Hi Everyone, I have been given a task to compare one gene sequence among 50 strain of E.coli. For this study i have 50 genome scaffold file and one gene sequence file. Now my work will be compare the gene sequence among all the genome and compute a phylogenetic tree of the gene among all sequence. If anybody could point me in the right direction, I would be thankful!.
As far as I understand your question, for creating of that tree, you'll need to extract 50 sequences, one from each file representing a strain genome. Once you'll have these 50, you will need to align all them with clastalw and then make a tree. To get 50 sequences you can use blast - in this case i would build a db for each of 50 files and blast the gene against them, then pick a sequence which "seems like a gene i am looking for". This part - picking a sequence that looks like a gene - can be a bit tricky if you have only scaffolds.
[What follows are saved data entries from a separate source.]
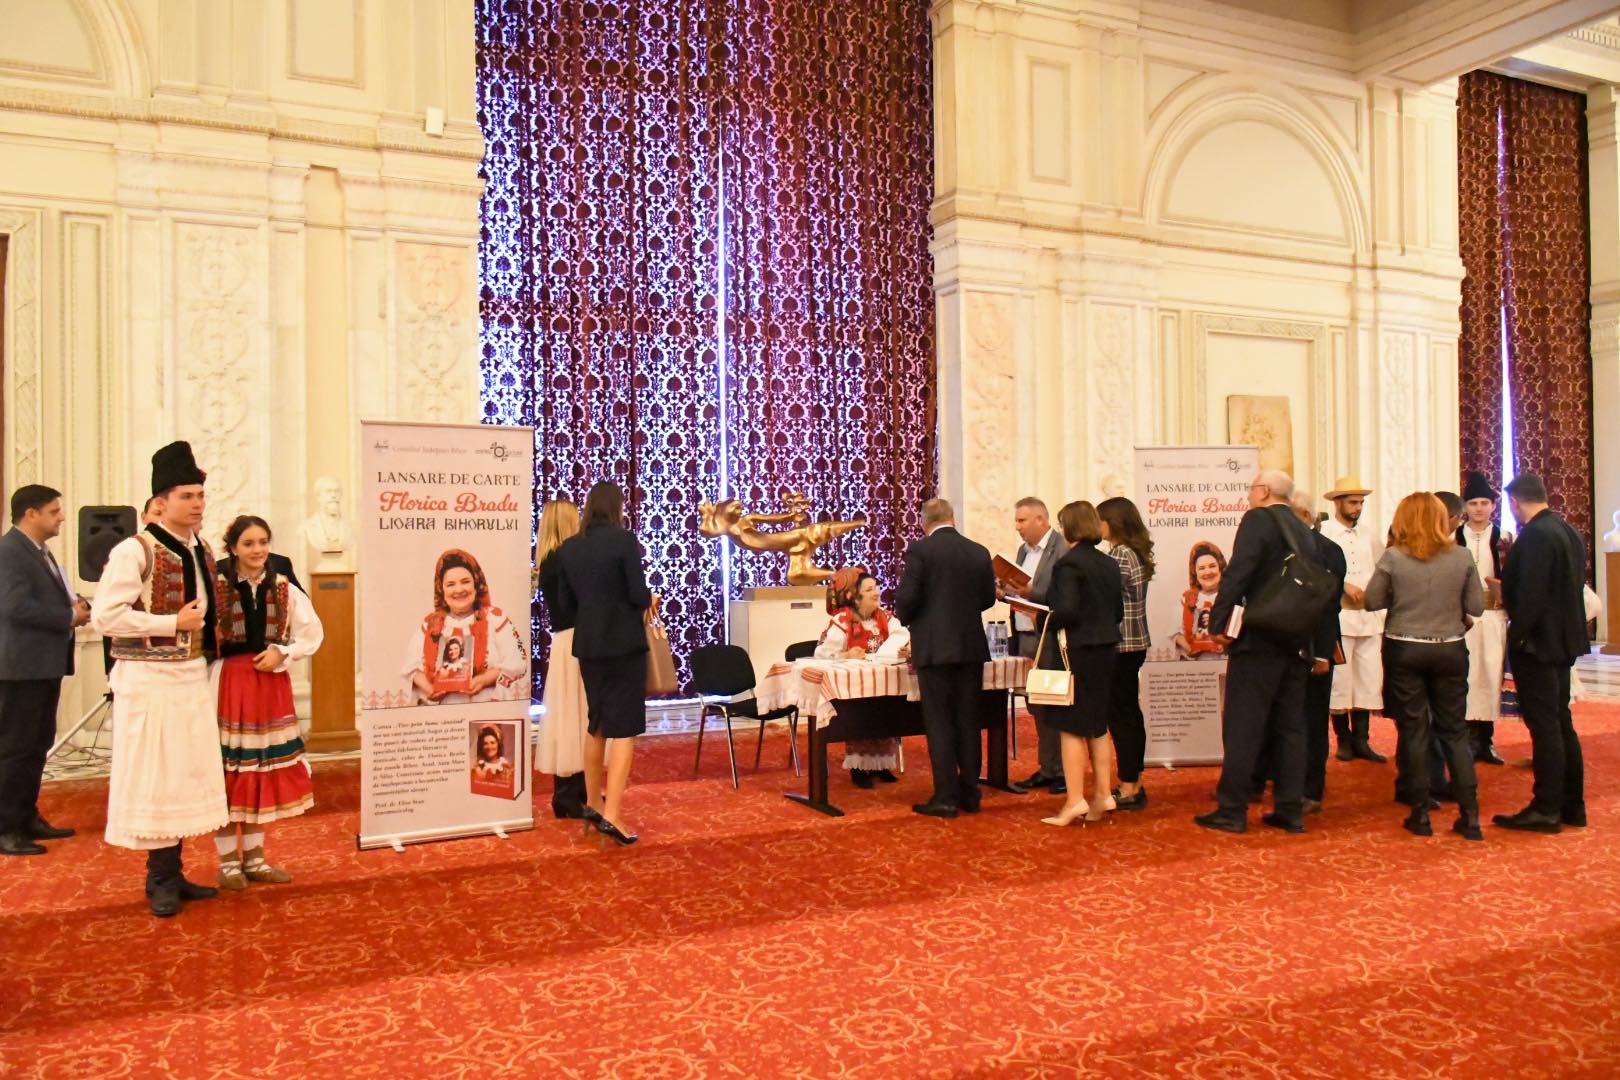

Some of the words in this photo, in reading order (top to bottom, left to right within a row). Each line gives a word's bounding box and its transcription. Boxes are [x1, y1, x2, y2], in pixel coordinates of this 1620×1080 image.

[378, 471, 447, 484] LANSARE
[450, 473, 470, 485] DE
[473, 473, 520, 486] CARTE
[1146, 483, 1196, 493] LANSARE
[1198, 483, 1212, 492] DE
[380, 491, 448, 512] Florica
[454, 492, 519, 513] Bradu
[1148, 498, 1197, 515] Florica
[379, 517, 436, 530] LIOARA
[1149, 517, 1189, 528] LIOARA
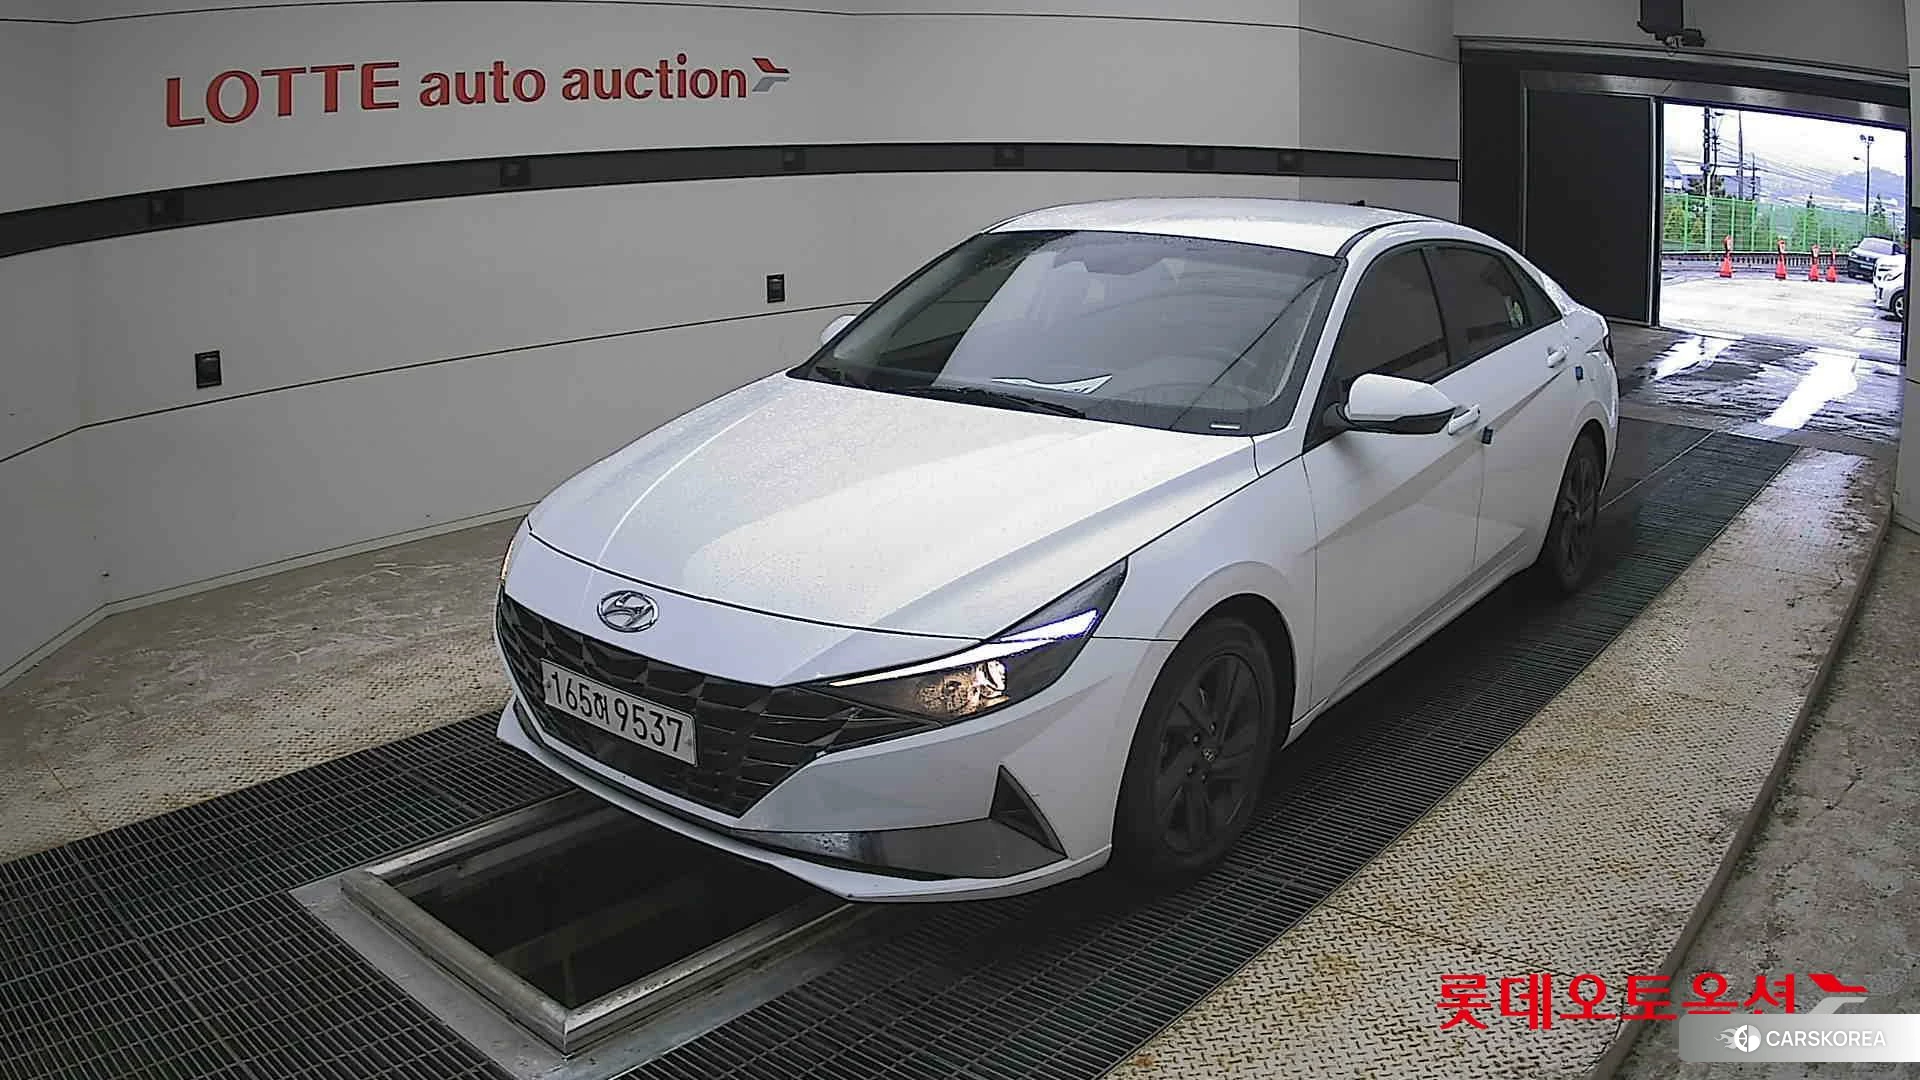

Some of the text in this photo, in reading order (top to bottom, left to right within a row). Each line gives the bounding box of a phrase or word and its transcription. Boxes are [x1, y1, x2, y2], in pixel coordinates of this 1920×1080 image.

[165, 52, 748, 127] LOTTE auto auction
[614, 697, 683, 752] 9537
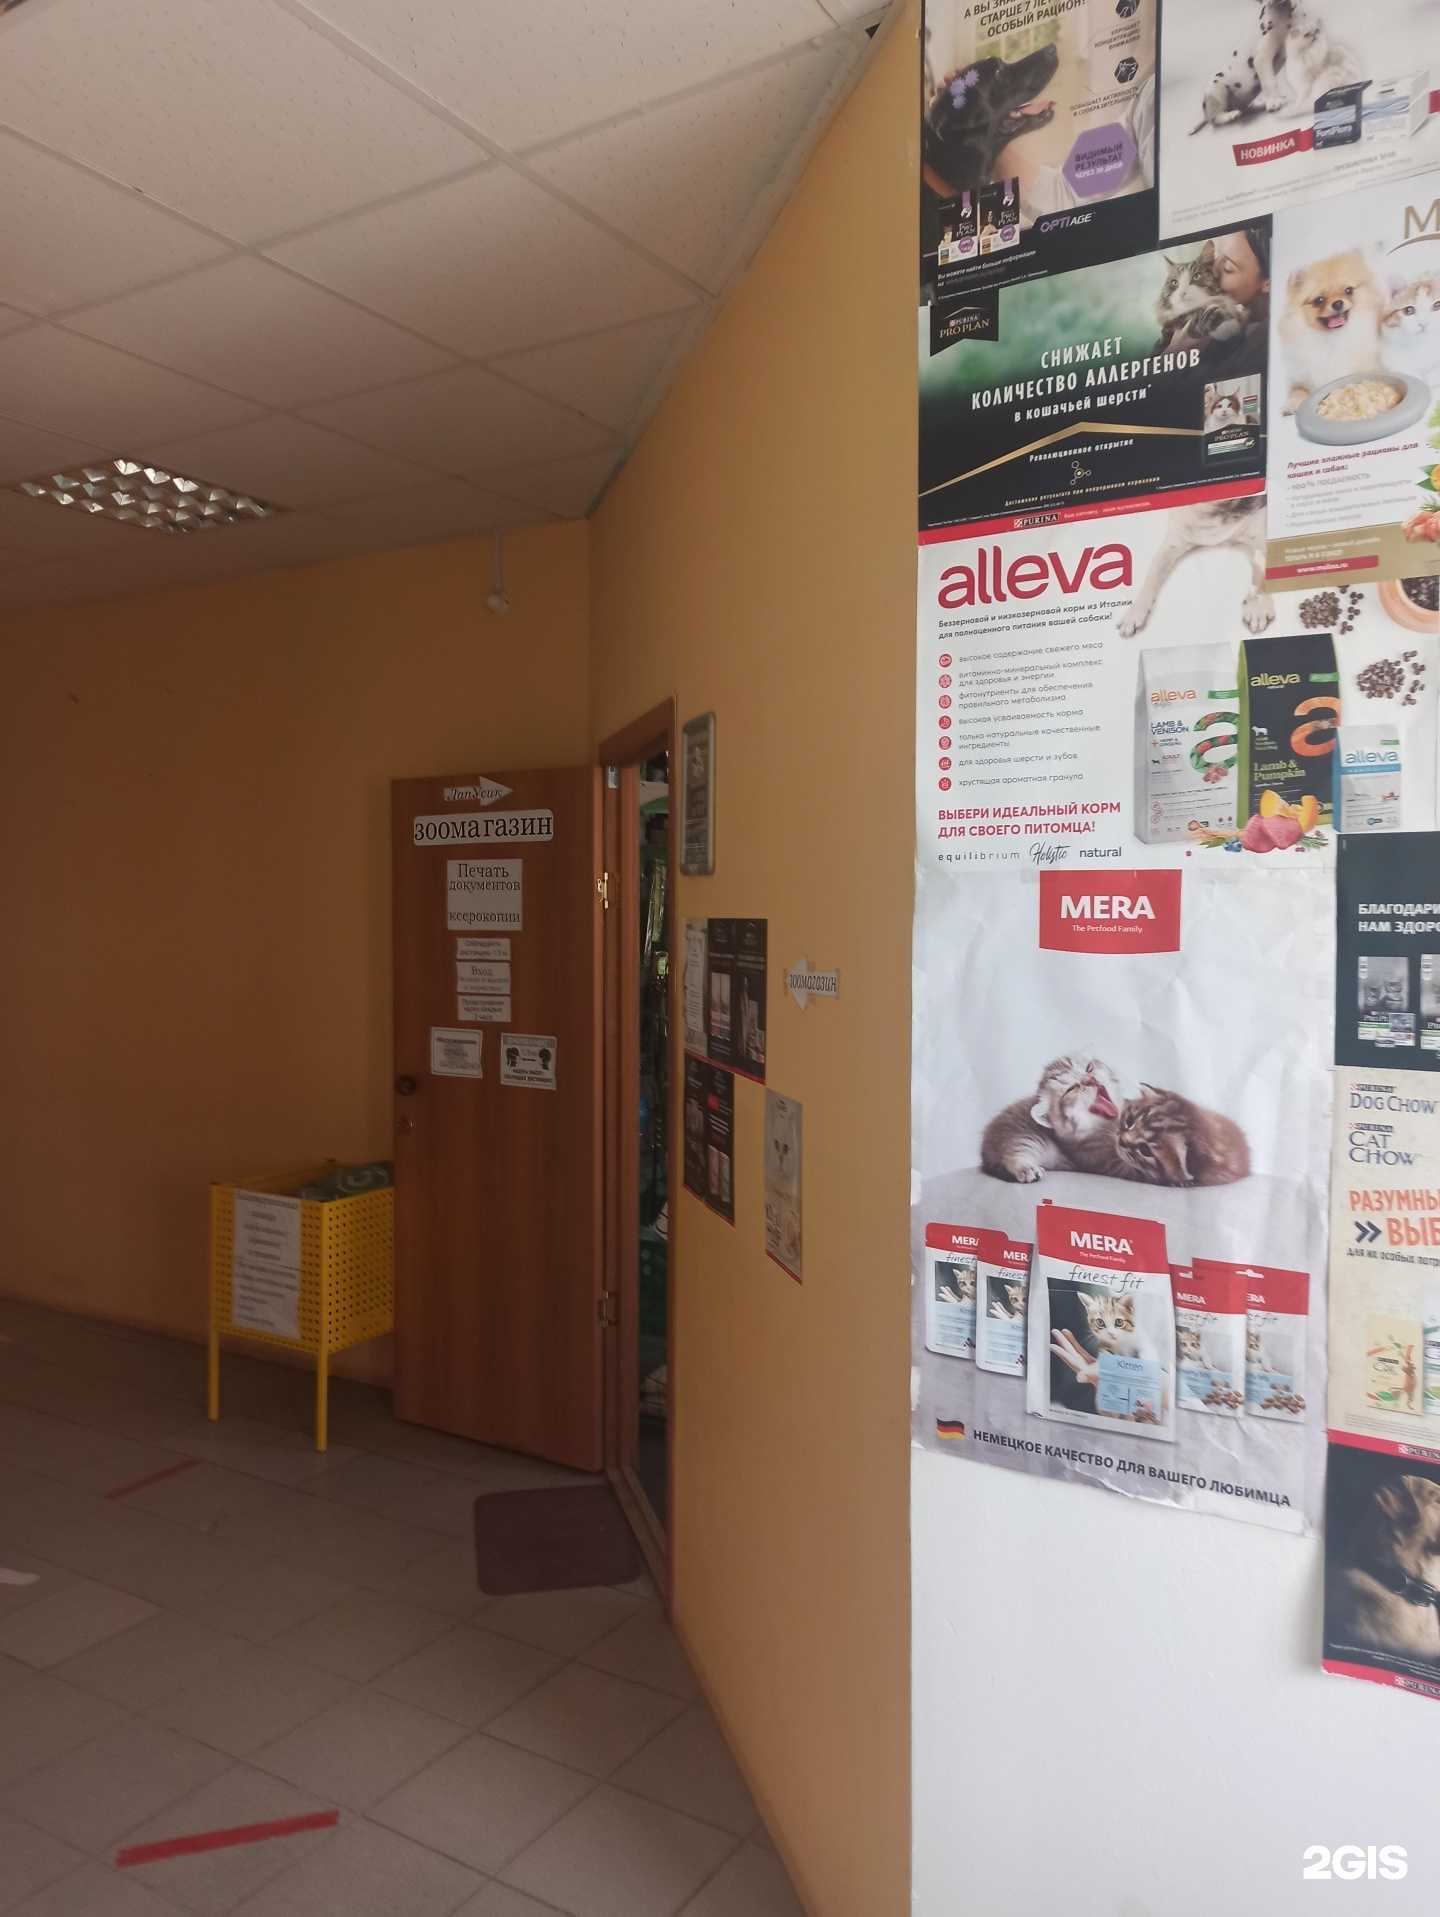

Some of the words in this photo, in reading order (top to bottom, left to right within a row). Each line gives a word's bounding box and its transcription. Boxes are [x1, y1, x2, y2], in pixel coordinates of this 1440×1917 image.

[974, 1, 990, 15] ВЫ
[980, 3, 1022, 26] СТАРШЕ
[987, 12, 1034, 37] ОСОБЫЙ
[1240, 138, 1296, 160] НОВИНКА
[963, 319, 990, 333] PLAN
[1041, 336, 1123, 369] СНИЖАЕТ
[971, 372, 1077, 410] КОЛИЧЕСТВО
[1086, 349, 1200, 386] АЛЛЕРГЕНОВ
[1014, 411, 1021, 423] в
[1026, 396, 1091, 420] кошачьей
[1094, 438, 1134, 451] открытие
[1023, 513, 1058, 526] PURINA
[937, 543, 1133, 609] alleva
[938, 615, 989, 628] Беззерновой
[997, 607, 1061, 621] низкозерновой
[1063, 604, 1085, 615] корм
[1087, 602, 1097, 610] из
[1099, 598, 1133, 610] Италии
[938, 631, 953, 640] для
[954, 624, 1011, 638] полноценного
[1012, 620, 1046, 631] питания
[1048, 615, 1076, 627] вашей
[1078, 612, 1113, 624] собаки!
[959, 680, 973, 688] для
[1250, 673, 1301, 687] alleva
[1021, 687, 1036, 695] для
[1151, 688, 1197, 702] alleva
[1151, 721, 1175, 729] LAMB
[1151, 726, 1189, 736] VENISON
[959, 759, 973, 767] для
[1345, 749, 1398, 764] alleva
[1254, 760, 1287, 771] Lamb
[1288, 759, 1297, 769] &
[1254, 767, 1306, 781] Pumpkin
[938, 808, 989, 820] ВЫБЕРИ
[992, 802, 1078, 820] ИДЕАЛЬНЫЙ
[1081, 802, 1121, 815] КОРМ
[414, 816, 553, 841] зоомагазин
[938, 825, 966, 839] ДЛЯ
[968, 824, 1021, 837] СВОЕГО
[1024, 821, 1096, 837] ПИТОМЦА!
[938, 851, 1020, 863] equilibrium
[1029, 841, 1071, 865] Holistic
[1079, 847, 1122, 858] natural
[458, 863, 509, 878] Печать
[449, 880, 521, 893] документов
[1060, 895, 1156, 919] MERA
[449, 911, 521, 925] ксерокопии
[1087, 924, 1116, 932] Petfood
[1118, 925, 1143, 934] Family
[1358, 921, 1392, 932] НАМ
[1349, 1131, 1392, 1149] CAT
[1349, 1147, 1413, 1165] CHOW
[1070, 1230, 1134, 1256] MERA
[1069, 1264, 1119, 1285] finest
[1115, 1272, 1144, 1293] fit
[1176, 1291, 1206, 1305] MERA
[974, 1429, 1042, 1455] НЕМЕЦКОЕ
[1045, 1444, 1113, 1470] КАЧЕСТВО
[1117, 1458, 1145, 1475] ДЛЯ
[1149, 1466, 1207, 1490] ВАШЕГО
[1210, 1480, 1291, 1507] ЛЮБИМЦА
Another way to get 50 sequences would be to run prodigal on each of scaffolds fasta files getting sets of ORFs and then blast the gene sequence against predicted ORFs.
There's a pipeline for this. It's called hal. However, in my opinion, you get more reliable trees when you only include conserved genes that are unlikely to transfer horizontally (e.g. ribosomal proteins). Also, the super alignments hal constructs from bacterial genomes are ridiculously long (100k-200k aa), so if you go this route you can only make ML and MP trees (no Bayesian).